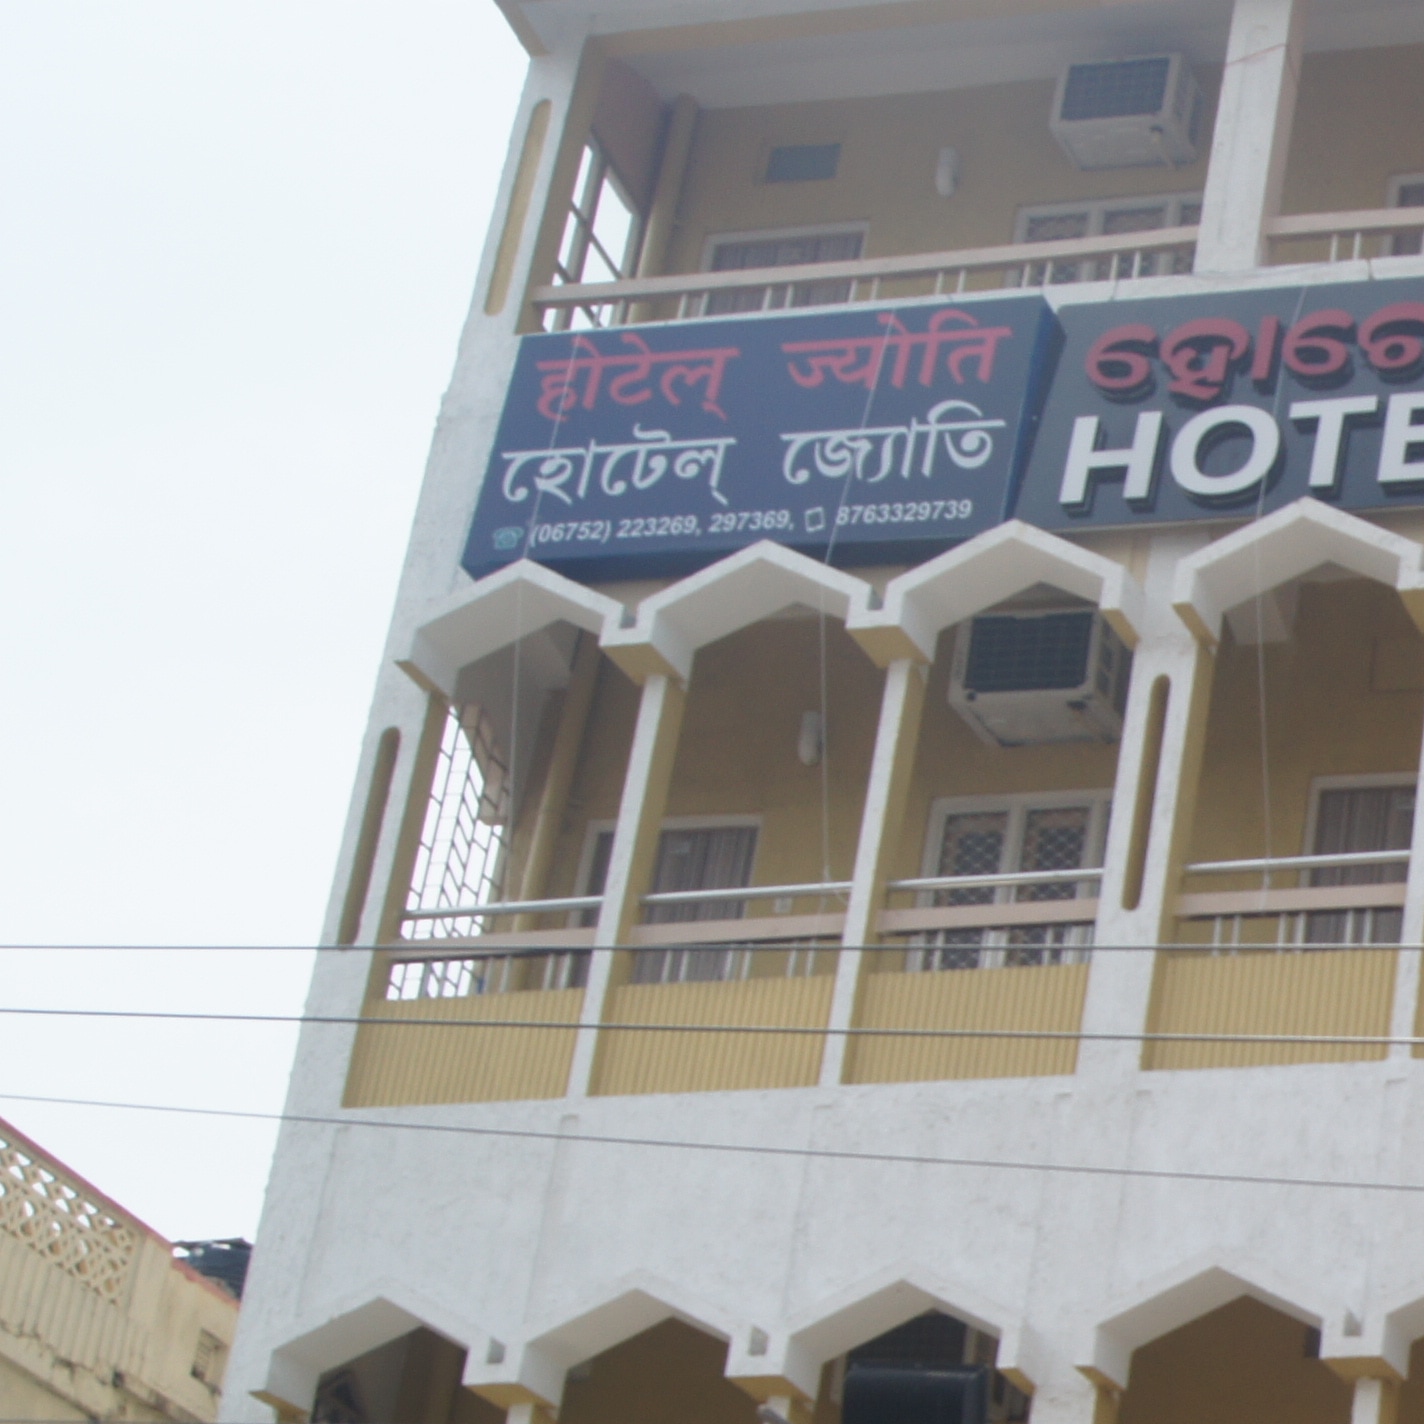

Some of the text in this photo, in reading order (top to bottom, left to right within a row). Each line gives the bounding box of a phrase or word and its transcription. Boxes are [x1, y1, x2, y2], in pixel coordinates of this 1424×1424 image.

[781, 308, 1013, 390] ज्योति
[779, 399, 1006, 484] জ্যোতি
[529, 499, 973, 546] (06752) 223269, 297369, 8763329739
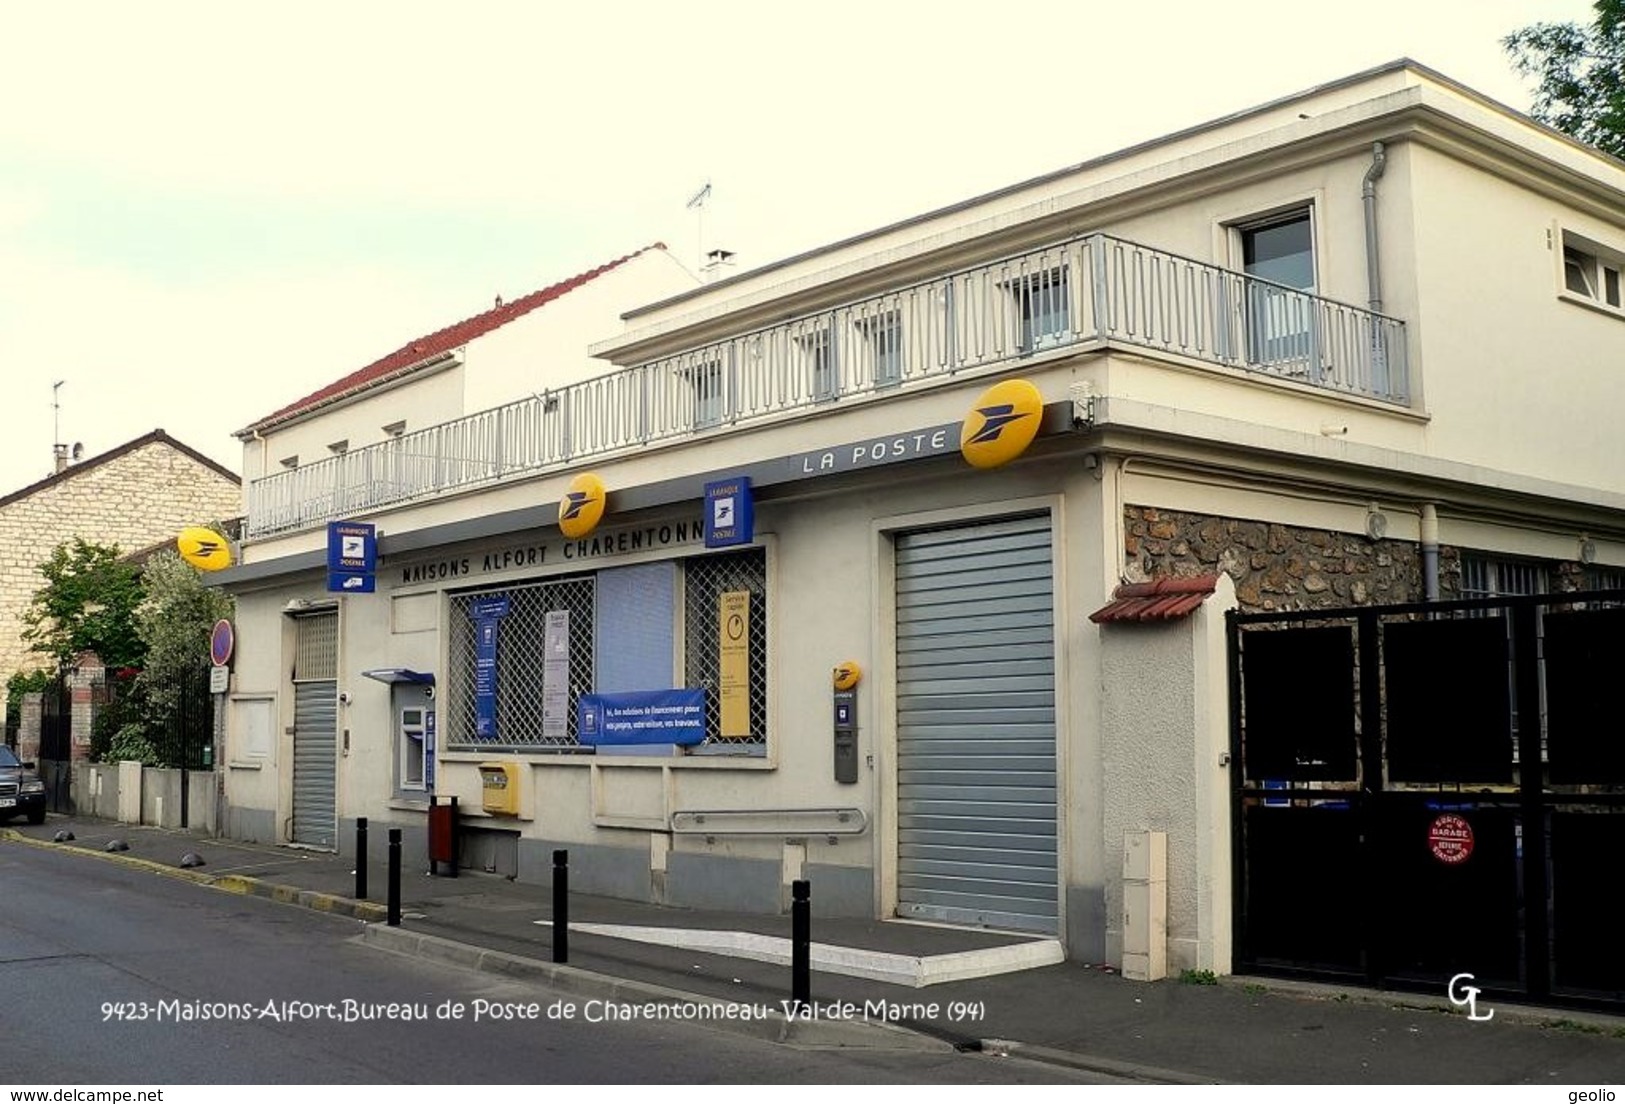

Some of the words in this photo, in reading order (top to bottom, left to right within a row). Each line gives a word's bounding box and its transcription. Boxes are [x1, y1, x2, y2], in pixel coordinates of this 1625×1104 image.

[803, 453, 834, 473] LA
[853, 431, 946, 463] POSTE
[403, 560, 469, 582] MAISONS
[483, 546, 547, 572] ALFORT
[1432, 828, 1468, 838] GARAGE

What is being asked: Copy the material above word for word, images excluded.

Task result:
Some of the text in this photo, in reading order (top to bottom, left to right within a row). Each line gives the bounding box of a phrase or word and its transcription. Boxes are [x1, y1, x2, y2], in pixel coordinates of this 1424×1424 image.

[781, 308, 1013, 390] ज्योति
[779, 399, 1006, 484] জ্যোতি
[529, 499, 973, 546] (06752) 223269, 297369, 8763329739

Some of the words in this photo, in reading order (top to bottom, left to right within a row). Each line gives a word's bounding box and its transcription. Boxes are [x1, y1, x2, y2], in pixel coordinates of this 1625×1104 image.

[803, 453, 834, 473] LA
[853, 431, 946, 463] POSTE
[403, 560, 469, 582] MAISONS
[483, 546, 547, 572] ALFORT
[1432, 828, 1468, 838] GARAGE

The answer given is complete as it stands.